PROBLEM STATEMENT | Every record that follows should be written out word for word; the pictures stay out.

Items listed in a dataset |
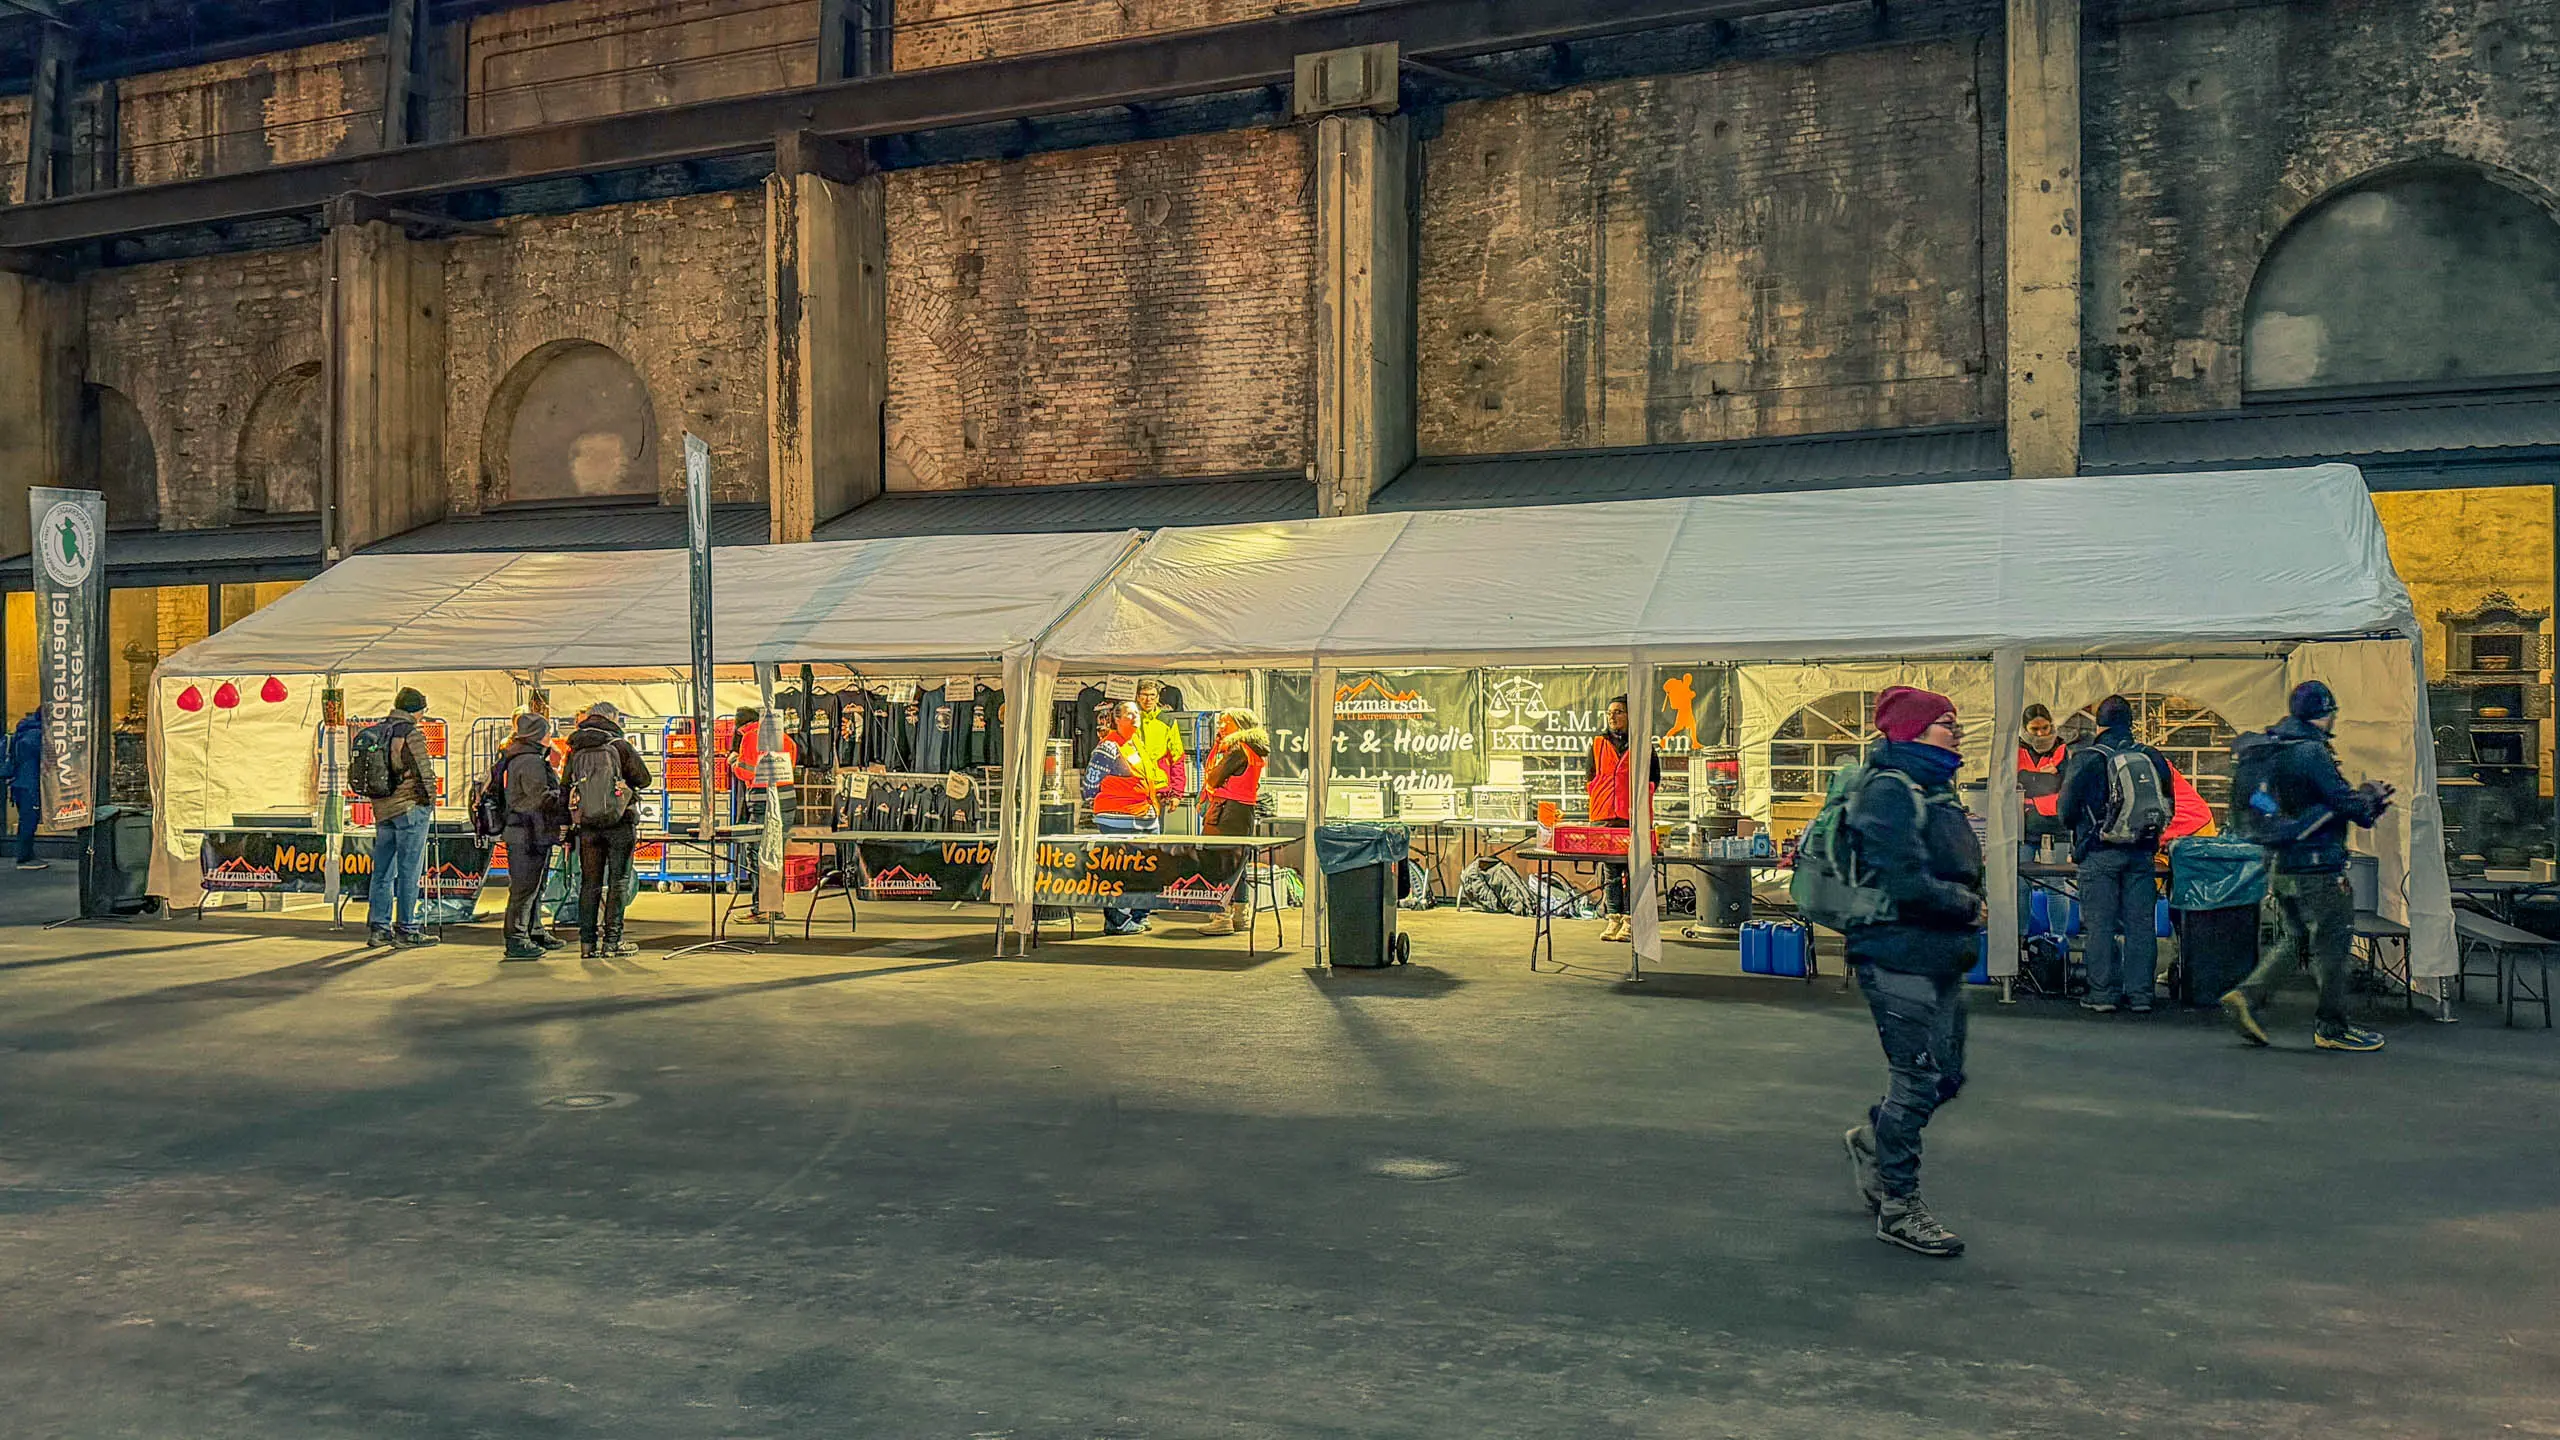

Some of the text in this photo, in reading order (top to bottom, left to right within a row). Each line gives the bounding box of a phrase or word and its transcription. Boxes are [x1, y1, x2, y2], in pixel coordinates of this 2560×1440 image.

[1334, 697, 1428, 712] arzmarsch
[1276, 725, 1474, 753] Tst & Hoodie
[1491, 729, 1690, 751] Extremwern
[274, 843, 375, 875] Mercan
[942, 841, 1158, 872] Vorbllte Shirts
[206, 868, 278, 880] Harzmarsch
[868, 878, 937, 888] Harzmarsch
[1034, 871, 1124, 897] Hoodies
[1163, 886, 1226, 899] Harzmars

YOUR SOLUTION |
Some of the text in this photo, in reading order (top to bottom, left to right within a row). Each line gives the bounding box of a phrase or word and its transcription. Boxes are [x1, y1, x2, y2], in pixel coordinates of this 2560×1440 image.

[1334, 697, 1428, 712] arzmarsch
[1276, 725, 1474, 753] Tst & Hoodie
[1491, 729, 1690, 751] Extremwern
[274, 843, 375, 875] Mercan
[942, 841, 1158, 872] Vorbllte Shirts
[206, 868, 278, 880] Harzmarsch
[868, 878, 937, 888] Harzmarsch
[1034, 871, 1124, 897] Hoodies
[1163, 886, 1226, 899] Harzmars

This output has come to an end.